RECORDS FOR PROCESSING.
╔══

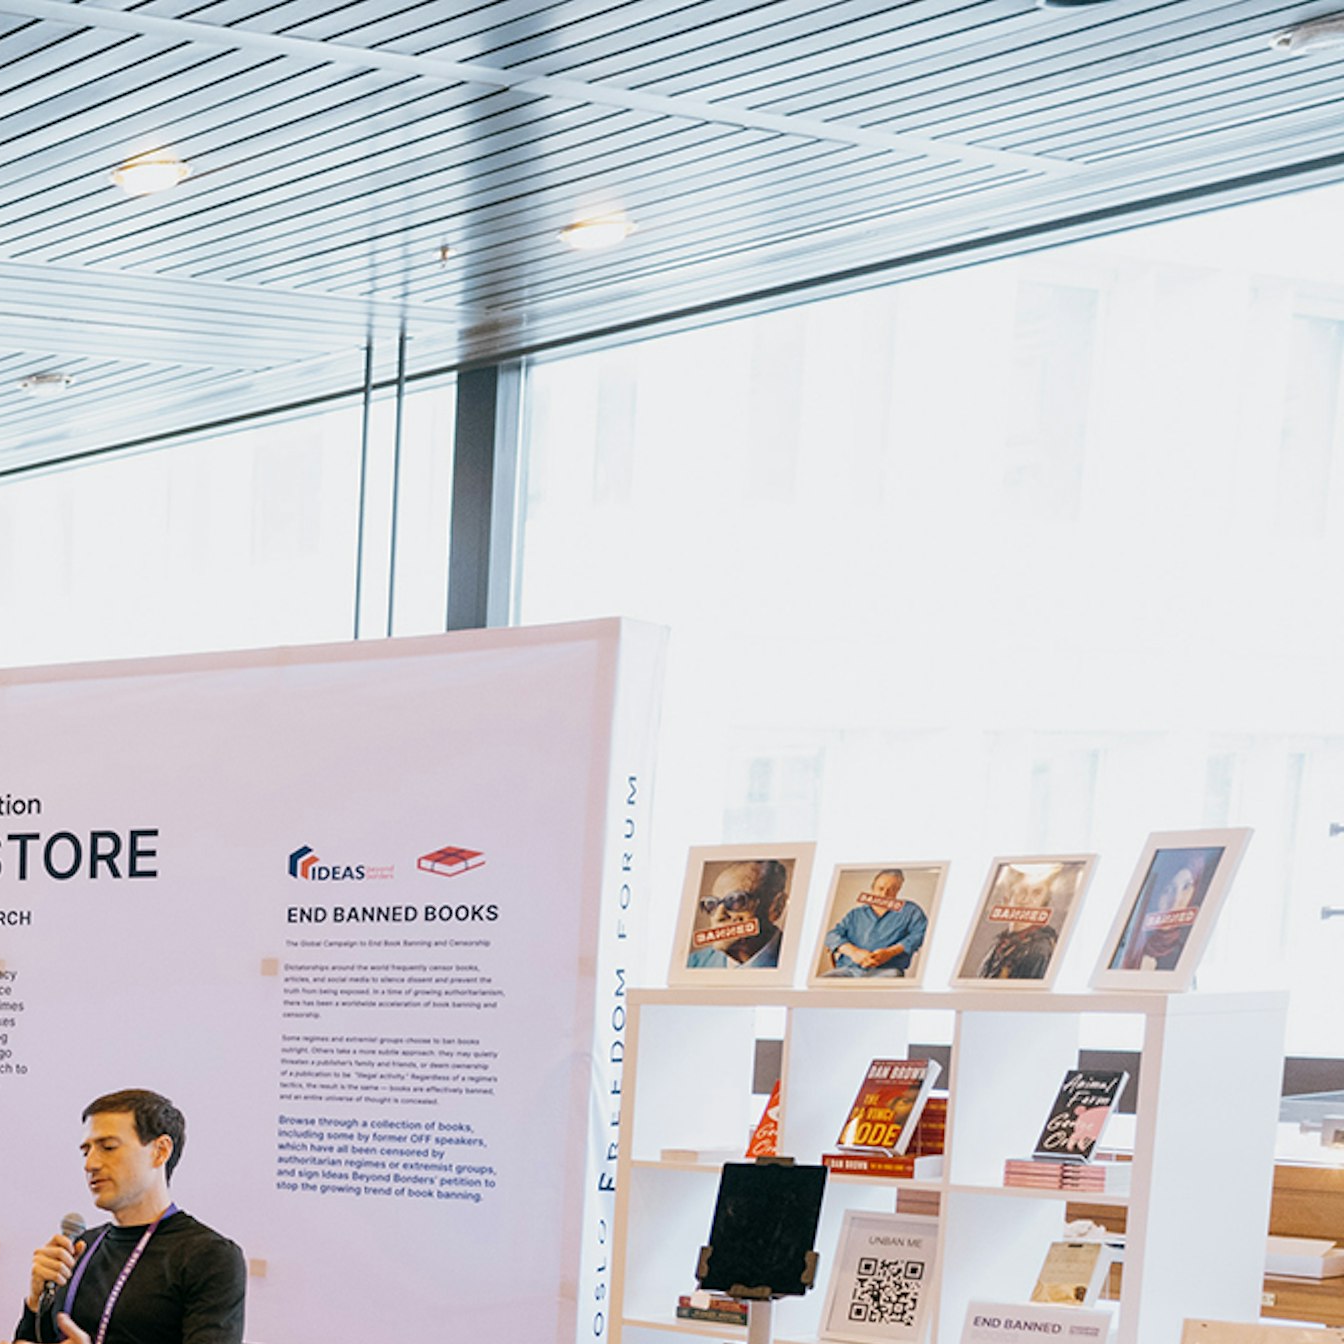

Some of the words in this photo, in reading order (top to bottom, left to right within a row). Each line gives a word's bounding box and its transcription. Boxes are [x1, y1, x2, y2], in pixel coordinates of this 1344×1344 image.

[616, 774, 637, 939] FORUM
[312, 864, 365, 880] IDEAS
[287, 906, 327, 923] END
[333, 906, 418, 922] BANNED
[424, 904, 498, 921] BOOKS
[15, 1063, 28, 1074] to
[868, 1066, 890, 1080] DAN
[890, 1066, 926, 1080] BROWN
[598, 968, 626, 1192] FREEDOM
[1063, 1074, 1118, 1093] Animal
[1067, 1090, 1110, 1107] Farm
[278, 1114, 316, 1126] Browse
[318, 1117, 359, 1130] through
[360, 1120, 368, 1128] a
[370, 1119, 422, 1130] collection
[424, 1120, 435, 1131] of
[437, 1121, 474, 1133] books,
[277, 1128, 324, 1141] including
[326, 1131, 354, 1141] some
[356, 1131, 370, 1143] by
[372, 1132, 407, 1143] former
[410, 1133, 431, 1144] OFF
[434, 1135, 487, 1147] speakers,
[277, 1141, 308, 1152] which
[309, 1143, 334, 1153] have
[336, 1144, 348, 1154] all
[350, 1144, 377, 1155] been
[379, 1146, 429, 1158] censored
[431, 1148, 445, 1160] by
[277, 1154, 342, 1166] authoritarian
[344, 1158, 386, 1170] regimes
[388, 1161, 400, 1169] or
[402, 1161, 453, 1172] extremist
[455, 1164, 496, 1176] groups,
[276, 1167, 296, 1177] and
[297, 1168, 320, 1180] sign
[321, 1169, 349, 1180] Ideas
[351, 1170, 390, 1184] Beyond
[392, 1172, 437, 1185] Borders'
[439, 1176, 482, 1188] petition
[484, 1178, 496, 1188] to
[276, 1180, 298, 1192] stop
[300, 1182, 317, 1191] the
[319, 1183, 362, 1196] growing
[363, 1185, 392, 1196] trend
[394, 1186, 405, 1196] of
[407, 1188, 434, 1198] book
[436, 1189, 484, 1203] banning.
[868, 1236, 904, 1246] UNBAN
[907, 1238, 922, 1248] ME
[973, 1316, 1001, 1328] END
[1003, 1319, 1062, 1334] BANNED

╚══

EXERCISE GOAL. None of the pictures should be copied, but every record above must be restated in full.

TASK RESPONSE.
Some of the words in this photo, in reading order (top to bottom, left to right within a row). Each line gives a word's bounding box and its transcription. Boxes are [x1, y1, x2, y2], in pixel coordinates of this 1344×1344 image.

[616, 774, 637, 939] FORUM
[312, 864, 365, 880] IDEAS
[287, 906, 327, 923] END
[333, 906, 418, 922] BANNED
[424, 904, 498, 921] BOOKS
[15, 1063, 28, 1074] to
[868, 1066, 890, 1080] DAN
[890, 1066, 926, 1080] BROWN
[598, 968, 626, 1192] FREEDOM
[1063, 1074, 1118, 1093] Animal
[1067, 1090, 1110, 1107] Farm
[278, 1114, 316, 1126] Browse
[318, 1117, 359, 1130] through
[360, 1120, 368, 1128] a
[370, 1119, 422, 1130] collection
[424, 1120, 435, 1131] of
[437, 1121, 474, 1133] books,
[277, 1128, 324, 1141] including
[326, 1131, 354, 1141] some
[356, 1131, 370, 1143] by
[372, 1132, 407, 1143] former
[410, 1133, 431, 1144] OFF
[434, 1135, 487, 1147] speakers,
[277, 1141, 308, 1152] which
[309, 1143, 334, 1153] have
[336, 1144, 348, 1154] all
[350, 1144, 377, 1155] been
[379, 1146, 429, 1158] censored
[431, 1148, 445, 1160] by
[277, 1154, 342, 1166] authoritarian
[344, 1158, 386, 1170] regimes
[388, 1161, 400, 1169] or
[402, 1161, 453, 1172] extremist
[455, 1164, 496, 1176] groups,
[276, 1167, 296, 1177] and
[297, 1168, 320, 1180] sign
[321, 1169, 349, 1180] Ideas
[351, 1170, 390, 1184] Beyond
[392, 1172, 437, 1185] Borders'
[439, 1176, 482, 1188] petition
[484, 1178, 496, 1188] to
[276, 1180, 298, 1192] stop
[300, 1182, 317, 1191] the
[319, 1183, 362, 1196] growing
[363, 1185, 392, 1196] trend
[394, 1186, 405, 1196] of
[407, 1188, 434, 1198] book
[436, 1189, 484, 1203] banning.
[868, 1236, 904, 1246] UNBAN
[907, 1238, 922, 1248] ME
[973, 1316, 1001, 1328] END
[1003, 1319, 1062, 1334] BANNED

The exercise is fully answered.